Common Mistakes and How to Avoid Them
When our team reviews student drafts, the same weaknesses recur. Watching for them will lift your statement above the average submission:
- Describing a topic, not a problem. "This study is about social media and teenagers" is a topic. A problem statement must contain tension, a gap or failing that demands attention.
- Being too broad. Trying to solve world hunger in a 10,000-word dissertation reads as naive. Narrow the population, location and timeframe until the problem is genuinely researchable.
- Relying on opinion. Replace "I believe" and "everyone knows" with referenced evidence so the gap is demonstrably real.
- Hiding the significance. If a reader finishes your statement and thinks "so what?", you have not made the stakes explicit enough.

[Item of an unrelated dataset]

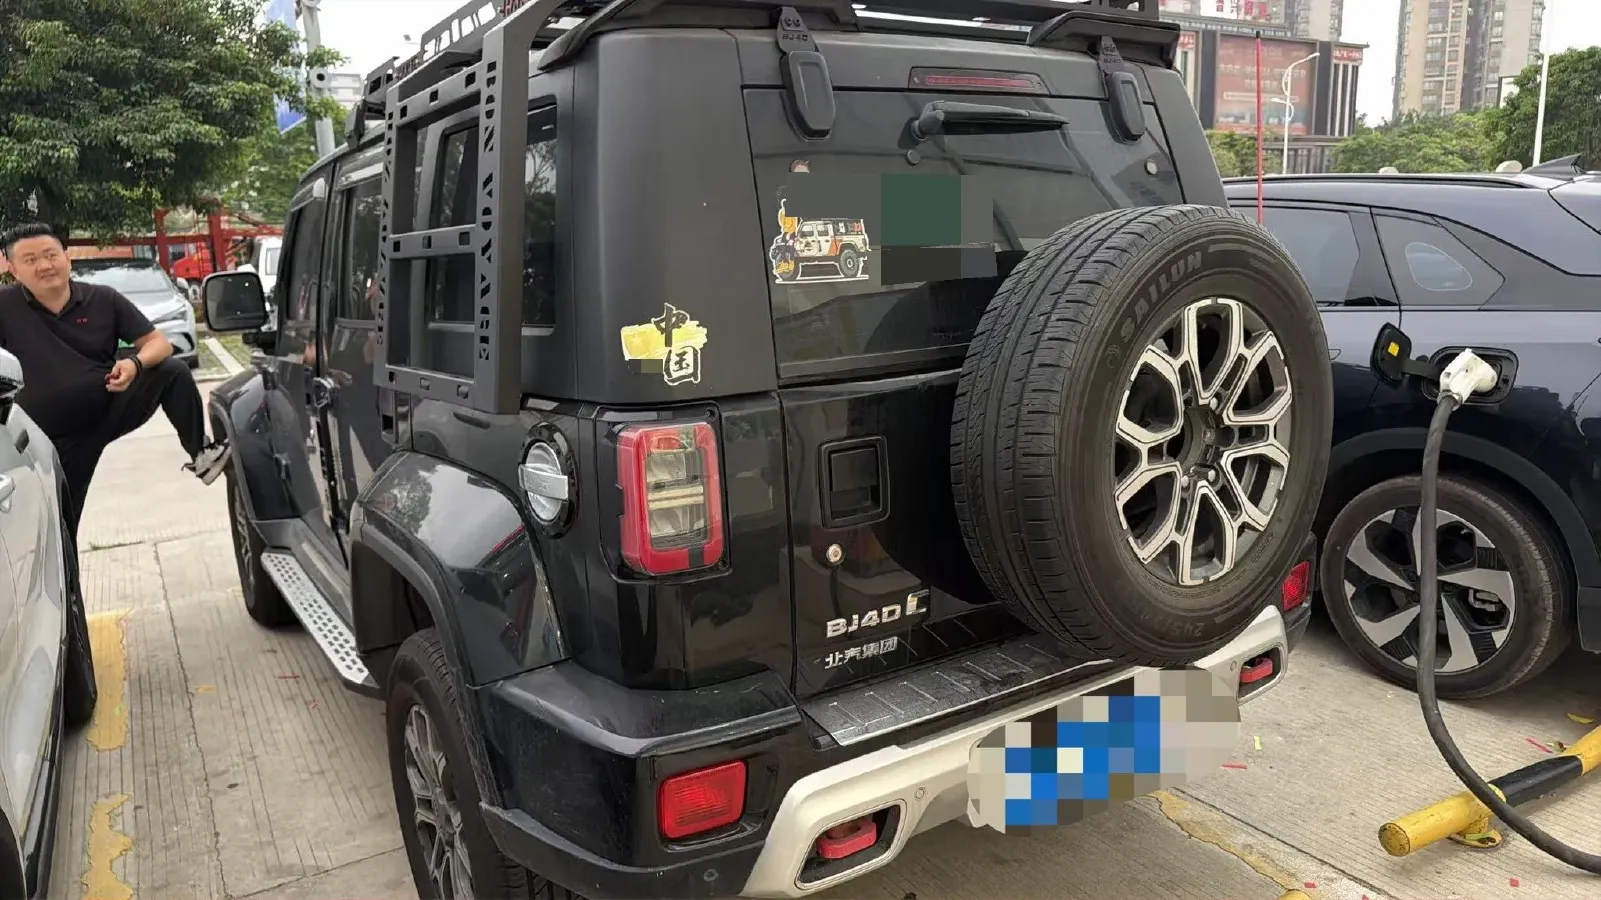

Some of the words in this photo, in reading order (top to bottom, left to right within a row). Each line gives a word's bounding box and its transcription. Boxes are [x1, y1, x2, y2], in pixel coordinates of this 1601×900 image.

[1121, 251, 1202, 342] SAILUN
[652, 303, 700, 385] 中国
[824, 636, 898, 670] 北汽集团

- Drifting from your research questions. Your statement and questions must point in the same direction. If they diverge, revise the statement, because it should set up exactly what you go on to ask.
One practical habit: write your problem statement, draft your research questions, then return and rewrite the statement. The two almost always sharpen each other on a second pass. If you are pulling these elements together into a full dissertation, it is worth reviewing wider guidance on how to to Improve your Dissertation. so the statement sits comfortably within a coherent whole.
Polishing and Final Checks
A problem statement is short, so every word earns its place. Before you consider it finished, run through a quick checklist. Does it read in plain, formal English without jargon a non-specialist could not follow? Is it free of hedging language that weakens your claim? Have you defined any technical terms the first time they appear? Does each sentence either name the problem, evidence it, justify it or respond to it, with nothing left over?
It also helps to read the statement aloud. Awkward phrasing and overlong sentences become obvious when spoken, and examiners value clarity above cleverness. Finally, check that the statement transitions smoothly into the next section of your proposal, your aims, objectives or research questions, so the reader is carried forward rather than left at a full stop.
Treated this way, the problem statement stops being a box to tick and becomes a genuine asset: a compact, persuasive argument for why your research deserves to exist. Invest the time to get it right early, and the rest of your document becomes far easier to write.